Jual Velg Mobil Murah

GARDUOTO – Kecelakaan yang melibatkan pengangkutan barang beberapa waktu lalu di Tol Cipularang yang disebabkan oleh sebagian besar truk kargo.

Itulah sebabnya truk Over Dimension Overload (ODOL) menghantui keselamatan mengemudi di jalan raya. Karena alasan ini, membatasi usia truk merupakan elemen yang perlu dilakukan.

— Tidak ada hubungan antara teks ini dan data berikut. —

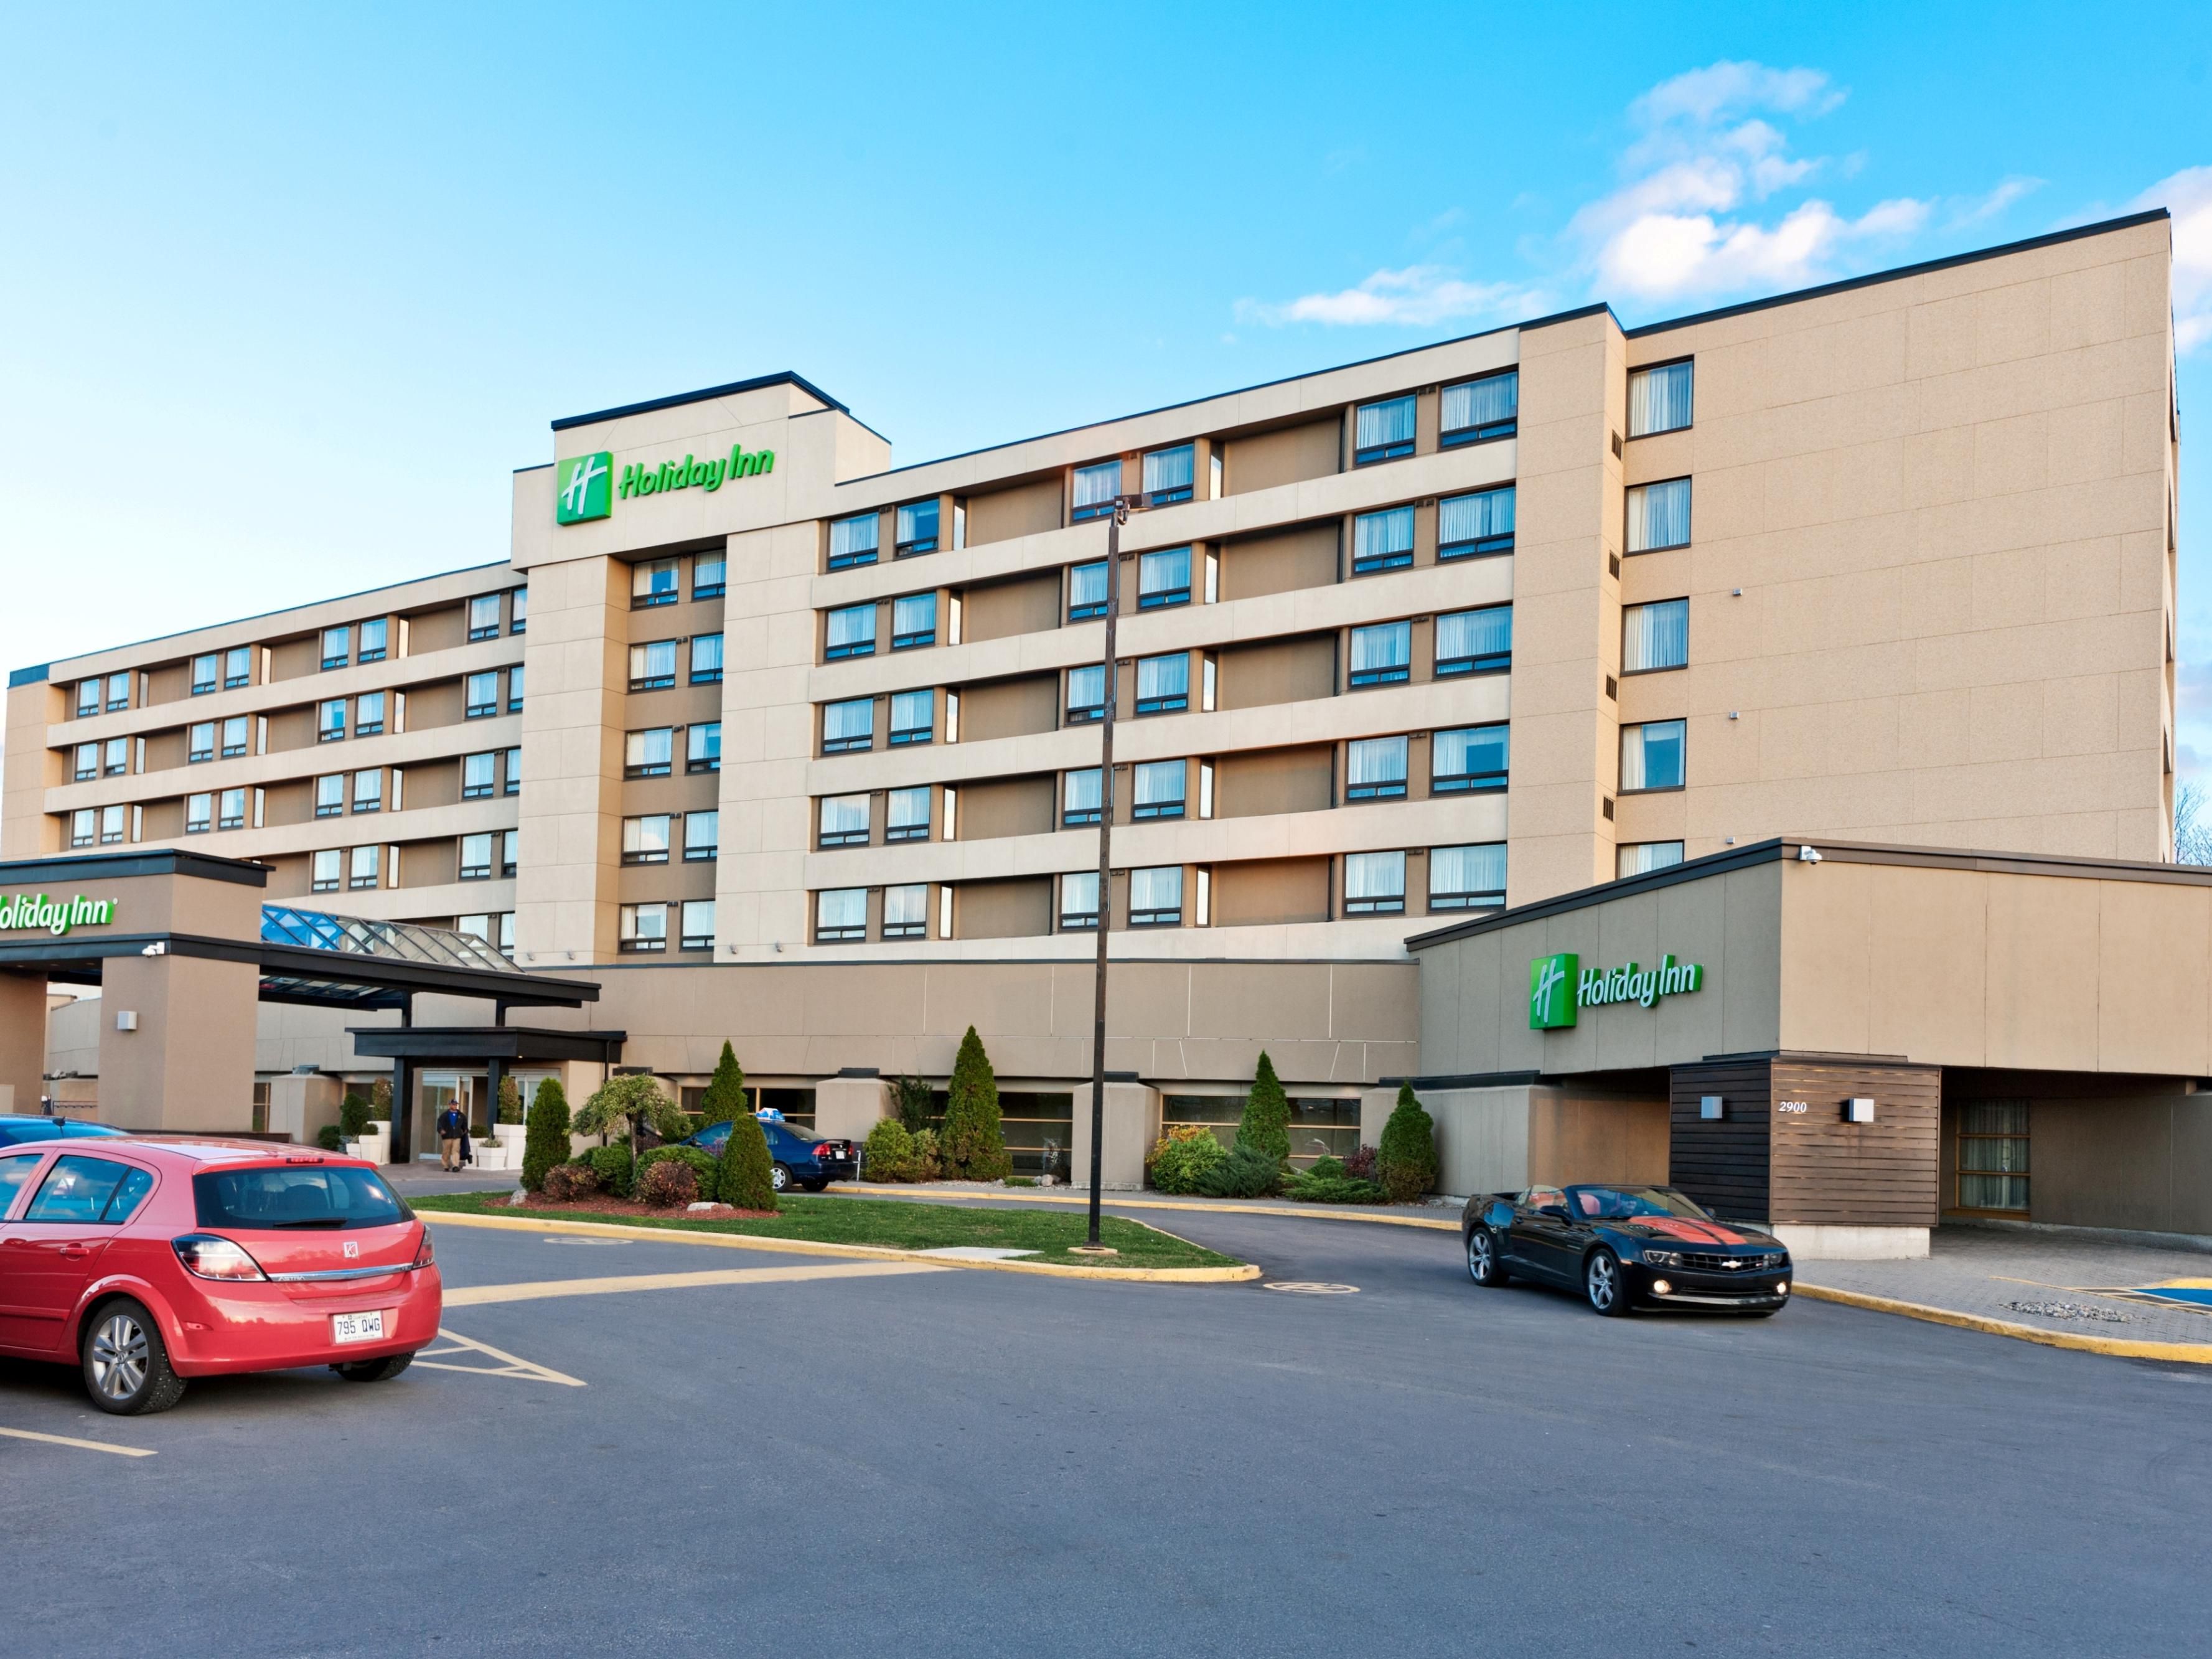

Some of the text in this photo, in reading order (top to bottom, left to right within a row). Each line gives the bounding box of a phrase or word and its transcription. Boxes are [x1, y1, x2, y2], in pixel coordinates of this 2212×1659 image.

Sayangnya, sampai sekarang Indonesia tidak tahu nama batasan umur truk. Hal itu diungkapkan oleh Direktur Jenderal Perhubungan Darat, Budi Setiyadi dalam Diskusi Smart Forwot Indonesia "Road to Zero Odol Trucks on The Road" di Cilandak, Jakarta Selatan, Kamis (3/10).

"Sampai saat ini, ketika menyusun UU No.22 / 2009 ada rencana untuk membatasi usia kendaraan. Tapi karena kondisi ekonomi kita tidak bagus, itu tidak dinormalisasi," tegasnya.

Sedangkan dalam hal mengapa banyak truk kelebihan beban terkait dengan produktivitas. Operator atau perusahaan ingin menjadi ekonomis sehingga mereka membawa barang di luar daya dukung.

"Karena itu, truk yang kelebihan muatan lebih banyak di jalan," katanya.

Tidak jauh berbeda dengan Budi, Ernando Demily, Presiden Direktur PT Isuzu Astra Motor Indonesia. Dalam kasus truk ODOL, tujuan utamanya adalah produktivitas.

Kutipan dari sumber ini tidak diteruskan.